A toolkit contains skills, rules, and an MCP server — tied together by a workflow that tells the assistant which skill to run at each step and how to leverage the MCP.

| Component | What it is | When it runs |
|-----------|------------|--------------|
| **Skill** | Step-by-step procedure the assistant follows | Triggered by user intent or explicitly with `/skill-name` |
| **Rule** | Always-on context (conventions, constraints) | Every session, automatically |
| **Workflow** | Ordered sequence of skills with a fixed entry point | Loaded as a rule — always active |
| **MCP server** | Exposes pipelines, tables, and secrets as tools | During a session, via MCP protocol |

### How the components interact

The **workflow** is loaded into the assistant's context automatically as a rule. When you invoke the entry skill, it tells the assistant which skill to run next based on the current state.
**Skills** are prompts with embedded instructions — they teach the assistant how to use `dlt` APIs, REST API configuration, and MCP tools.
The **MCP server** exposes tools like `list_pipelines`, `get_table_schema`, and `execute_sql_query` so the assistant can inspect results without you copying output manually.
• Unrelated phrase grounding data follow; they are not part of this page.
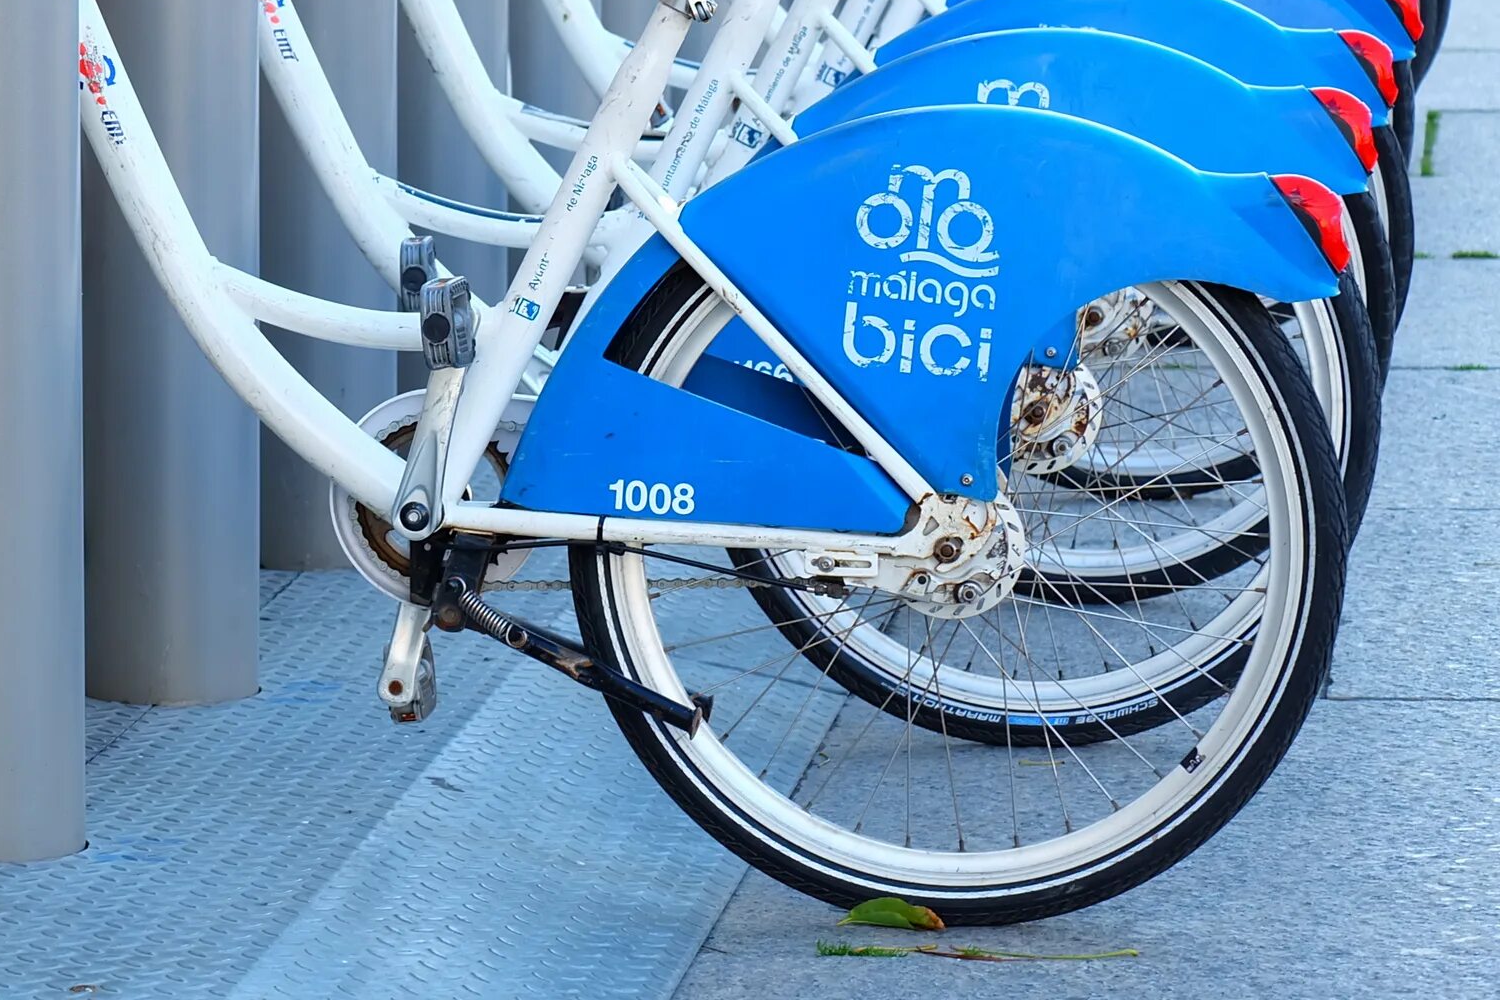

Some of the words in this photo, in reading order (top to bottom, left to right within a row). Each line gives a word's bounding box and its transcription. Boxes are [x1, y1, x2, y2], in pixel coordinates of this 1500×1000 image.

[690, 115, 701, 131] de
[849, 269, 997, 319] málaga
[842, 300, 993, 383] bici
[609, 479, 695, 515] 1008
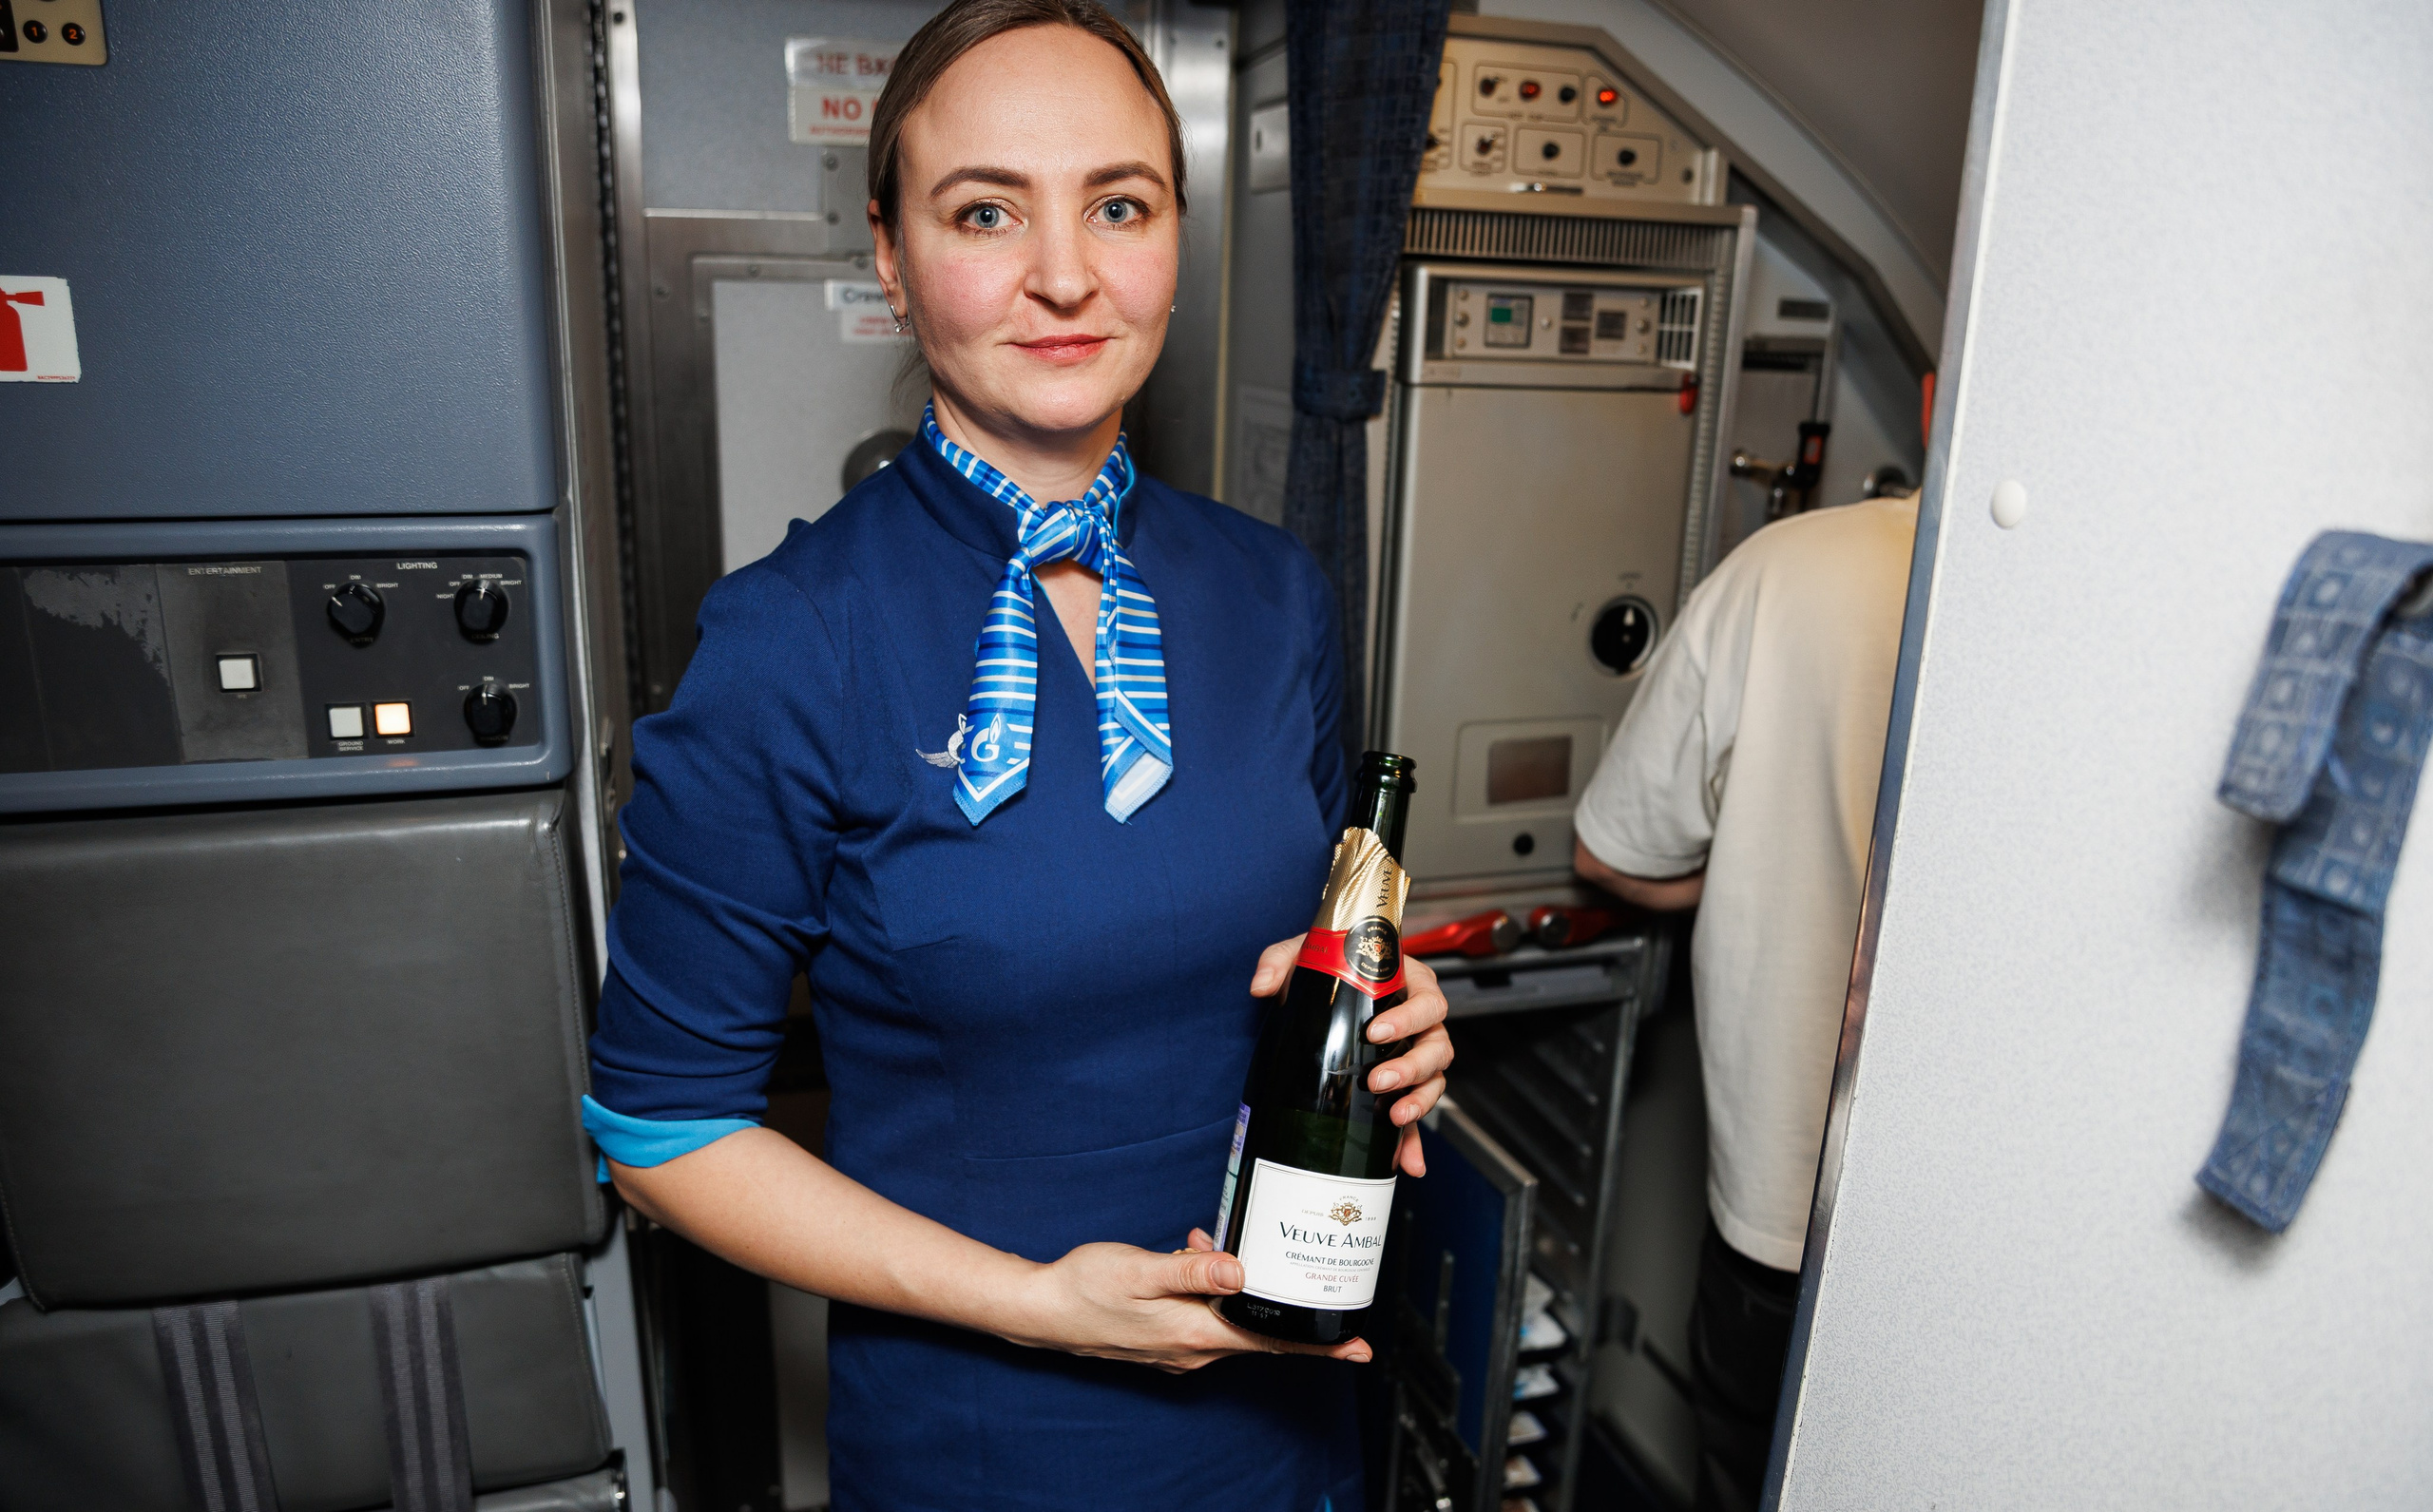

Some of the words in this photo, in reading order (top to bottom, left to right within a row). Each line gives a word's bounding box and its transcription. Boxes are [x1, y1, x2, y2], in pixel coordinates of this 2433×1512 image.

[31, 27, 38, 37] 1
[68, 29, 78, 40] 2
[821, 96, 862, 122] NO
[188, 566, 262, 576] ENTERTAINMENT
[396, 562, 438, 570] LIGHTING
[1377, 866, 1393, 908] VEUVE
[1279, 1221, 1338, 1248] VEUVE
[1340, 1233, 1383, 1249] AMBAL
[1285, 1250, 1327, 1265] CRÉMANT
[1327, 1256, 1338, 1266] DE
[1338, 1257, 1375, 1268] BOURGOGNE
[1305, 1272, 1338, 1283] GRANDE
[1338, 1273, 1360, 1283] CUVÉE
[1323, 1284, 1343, 1293] BRUT
## Handover to other toolkits

Once your pipeline is validated, you can continue to the next phase of the data engineering lifecycle by installing additional toolkits:

- **`data-exploration`** — query loaded data and create marimo notebooks, charts, and dashboards
- **`dlthub-runtime`** — deploy, schedule, and monitor your pipeline in production 

[Sign up for dltHub Early Access](https://dlthub.com/solutions/for-small-data-teams)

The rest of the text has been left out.